With Financial Literacy Month underway in Canada, I’ve been thinking about my earliest brushes with finance. It’s clear there’s a significant gap in the area. A recent survey by Tangerine Bank, for example, found only 50 per cent of Canadians feel knowledgeable about personal finance. And a report by the Organisation for Economic Co-operation and Development’s International Network on Financial Education found most Canadians lack confidence about their level of financial knowledge, with only 30 per cent of those polled rating it as high.
So it’s no surprise that many Canadians want to learn more about finance. Two months ago, the Toronto Youth Cabinet, a youth advisory body, started a petition that calls on the Ontario government to incorporate financial literacy into the Grade 10 careers curriculum so that students can learn about managing money early in life.
The interest continues into adulthood and the workplace, as demonstrated by a recent survey by Xerox HR Services that showed 91 per cent of employers offer financial literacy and skills programs due to increasing demand from employees. It’s clear, then, that employers are also dealing with the results of low levels of financial knowledge.
The demand for more education on financial issues is due in part to people not knowing where to start and who to trust, says Frank Wiginton, chief executive officer and financial wellness expert at Employee Financial Well-Being in Toronto.
In Grade 9, students learn about the importance of physical fitness through a mandatory gym course. And in Grade 10, schools challenge them to be active political citizens through a mandatory civics course. So why aren’t schools doing more to teach young people financial concepts and how they can be smart consumers? From purchasing an iPod to applying for a school loan, there’s a strong link between such decisions and financial well-being.
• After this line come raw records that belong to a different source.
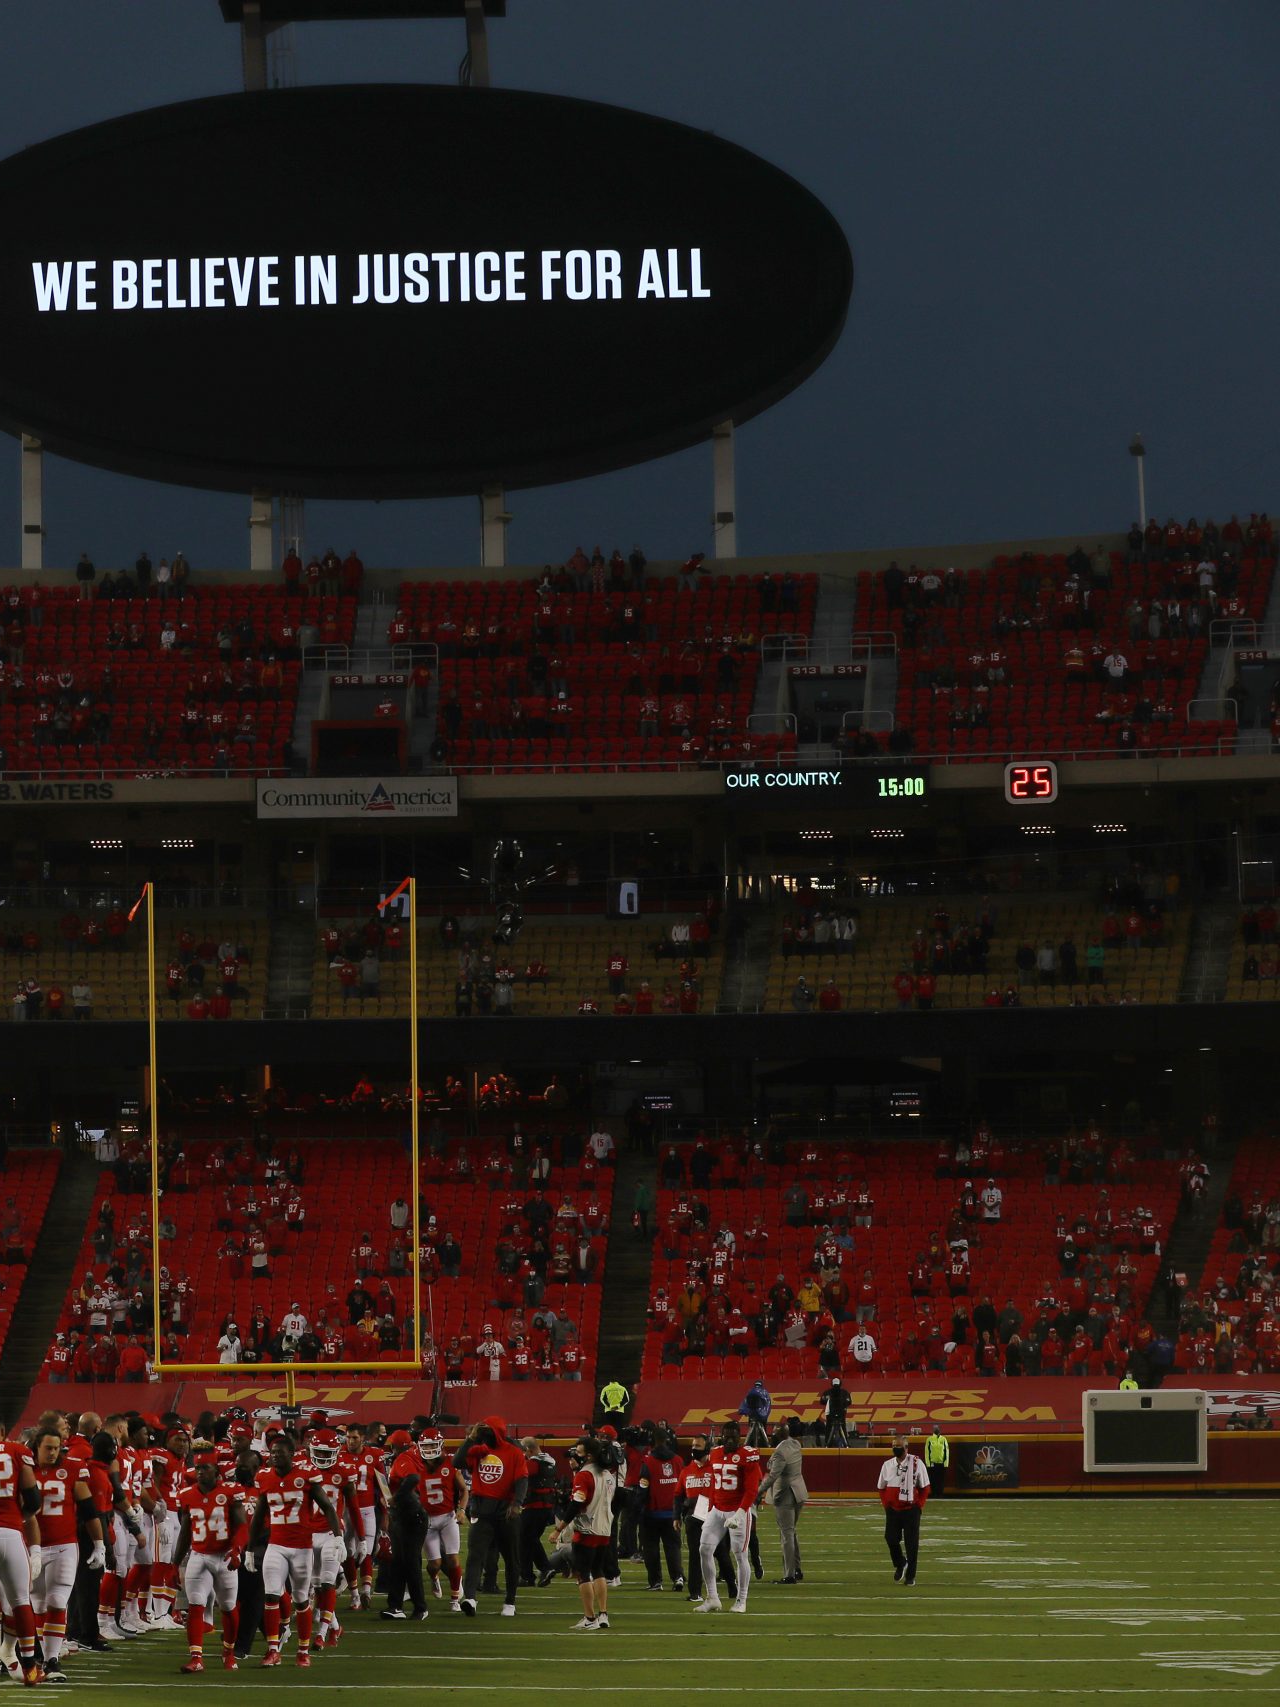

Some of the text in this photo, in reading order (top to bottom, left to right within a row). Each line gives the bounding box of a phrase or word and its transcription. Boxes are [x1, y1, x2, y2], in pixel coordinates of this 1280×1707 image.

[32, 248, 710, 311] WE BELIEVE IN JUSTICE FOR ALL
[1229, 602, 1238, 611] 15
[395, 624, 404, 633] 15
[990, 653, 1000, 662] 15
[1239, 652, 1264, 661] 314
[792, 666, 817, 675] 313
[838, 665, 862, 674] 314
[335, 676, 359, 685] 312
[380, 675, 404, 684] 313
[39, 713, 48, 721] 15
[727, 772, 841, 787] OUR COUNTRY.
[1011, 767, 1051, 797] 25
[20, 783, 113, 800] WATERS
[879, 778, 923, 796] 15:00
[611, 961, 622, 971] 25
[582, 1002, 593, 1011] 15
[248, 1203, 256, 1211] 15
[288, 1204, 297, 1213] 87
[588, 1207, 597, 1216] 15
[678, 1204, 687, 1212] 15
[1143, 1225, 1154, 1235] 15
[826, 1247, 837, 1256] 32
[951, 1264, 963, 1274] 87
[713, 1275, 724, 1284] 15
[655, 1302, 667, 1311] 58
[290, 1320, 300, 1330] 91
[857, 1341, 867, 1350] 21
[54, 1352, 66, 1361] 50
[516, 1355, 527, 1364] 32
[565, 1352, 576, 1361] 35
[205, 1387, 413, 1402] VOTE
[478, 1464, 503, 1473] VOTE
[974, 1463, 1005, 1474] NBC
[712, 1463, 738, 1491] 55
[968, 1471, 1009, 1483] Sports
[685, 1477, 711, 1489] CHIEFS
[425, 1478, 444, 1505] 5
[267, 1491, 304, 1525] 27
[189, 1508, 228, 1542] 34
Yet there remains a gap in the education system. While all provinces try to embed financial concepts into the curriculum of elementary and high schools, British Columbia is still the only province to offer financial skill instruction as a mandatory subject for Grade 10 students.
Although there’s merit in integrating financial concepts within the existing curriculum, that strategy relies on individual teachers to actively incorporate those theories with other subject matter. What if certain educators, who are perhaps strong in areas such as English or history, feel uncomfortable teaching finance, a subject that’s foreign to them and they they haven’t studied as intensively?
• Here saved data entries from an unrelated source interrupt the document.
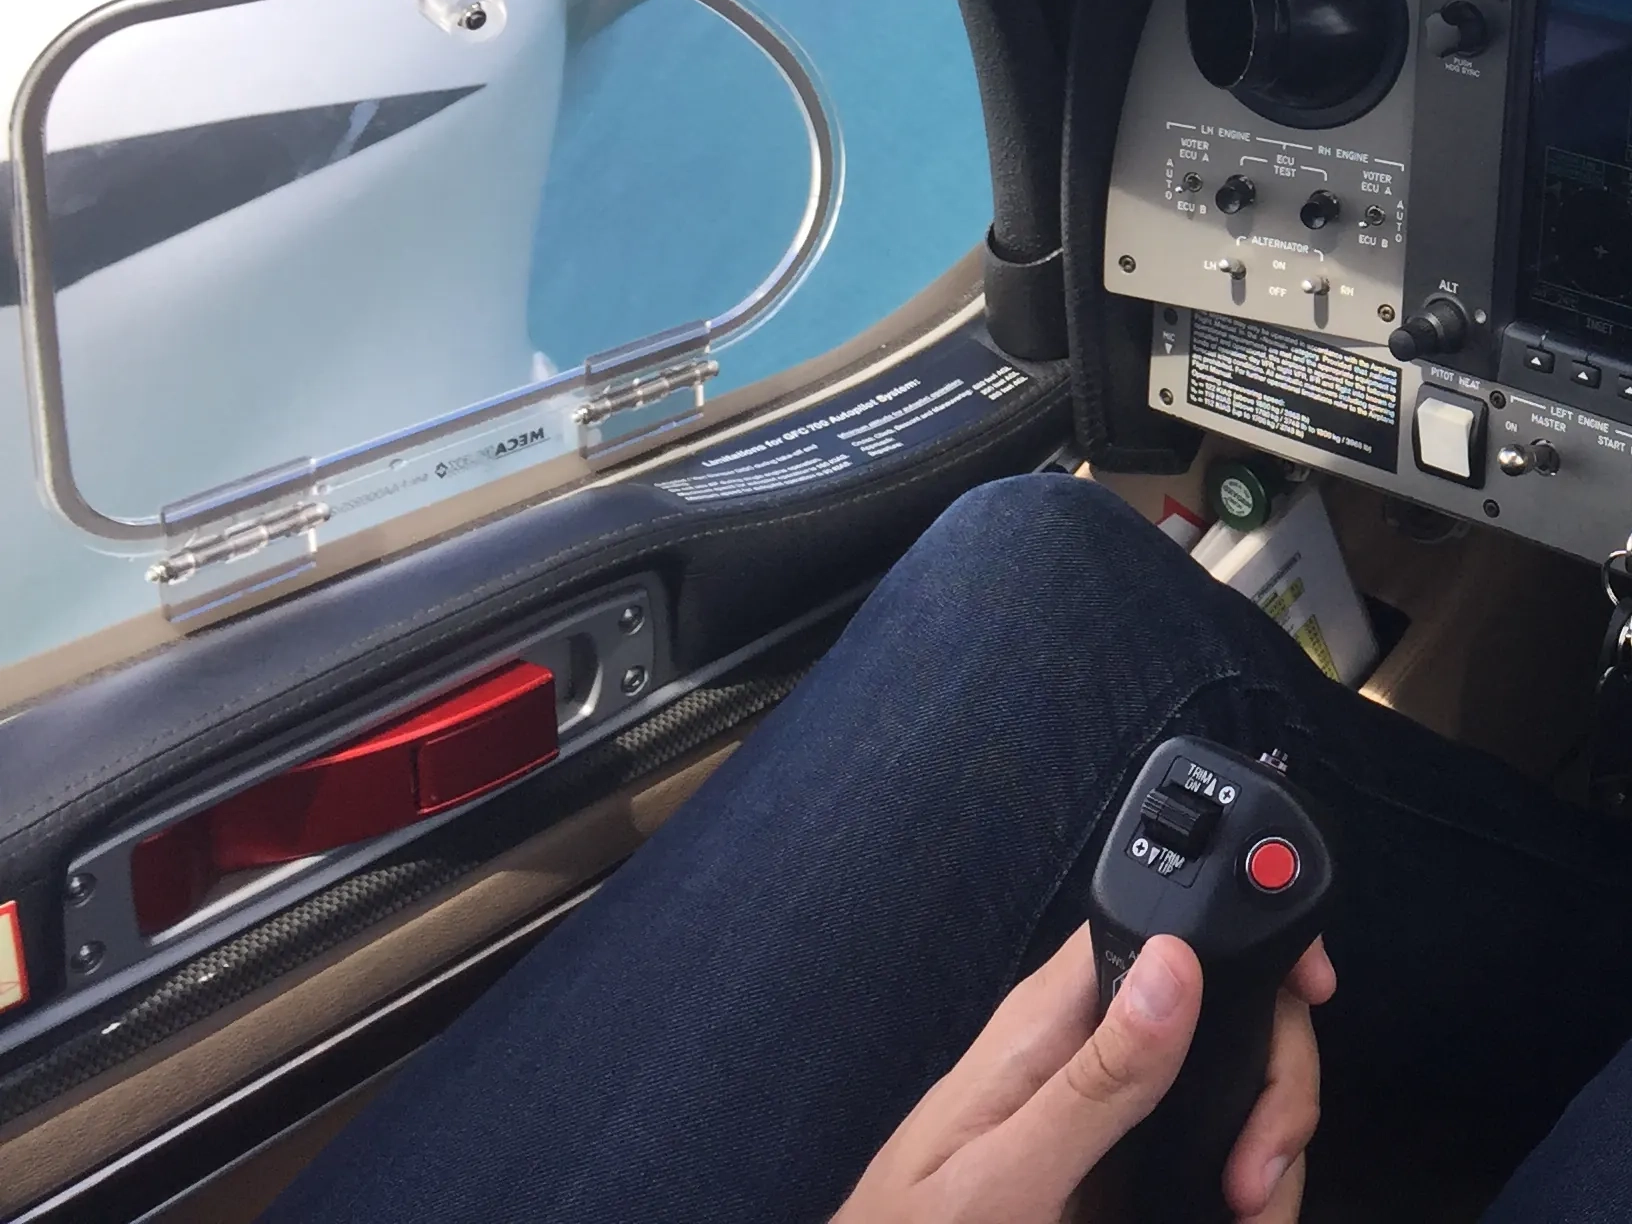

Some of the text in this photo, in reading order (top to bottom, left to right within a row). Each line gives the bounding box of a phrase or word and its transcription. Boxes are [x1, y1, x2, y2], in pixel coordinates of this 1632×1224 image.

[1252, 236, 1310, 255] ALTERNATOR
[1431, 367, 1454, 382] PITOT
[1531, 412, 1568, 435] MASTER
[1597, 435, 1627, 454] START
[1187, 762, 1214, 785] TRIM
[1158, 845, 1187, 869] TRIM
It’s important for schools to determine whether these teachers have the necessary skills and knowledge to deliver an integrated curriculum, says Wiginton. If not, it may be wise for school boards to offer training programs or continuing education.
And while such an approach is a great first step, it’s not enough. In my opinion, a well-designed high school course on managing money would be invaluable in preparing students for life after school. In order to be successful, the course should teach theoretical concepts that are relevant to a teenager’s life (such as how a student loan or credit card works) and assign practical exercises for students to engage in (such as filing a tax return or drafting a budget).
While students may not remember every detail of what they learn in that course, certain lessons will inevitably come back to them when they encounter future situations that propel them to use the information.
Connecting numbers and financial concepts with real life is important, says Wiginton, who sees a link between financial illiteracy and struggles with numeracy.
In Ontario, concerns about numeracy skills are growing as schools grapple with declining math results in grades 3 and 6. In light of the results, the government has announced it’s providing more educational resources to help Ontario students improve their math scores. And the province seems to be listening to the demand for financial literacy supports. According to a Toronto Star article, Education Minister Mitzie Hunter says the province will explore different ways of incorporating financial literacy into high schools.
So perhaps it will only be a matter of time before a designated course becomes a reality for the province and, hopefully, the rest of Canada as well.
Jann Lee is an associate editor at Benefits Canada.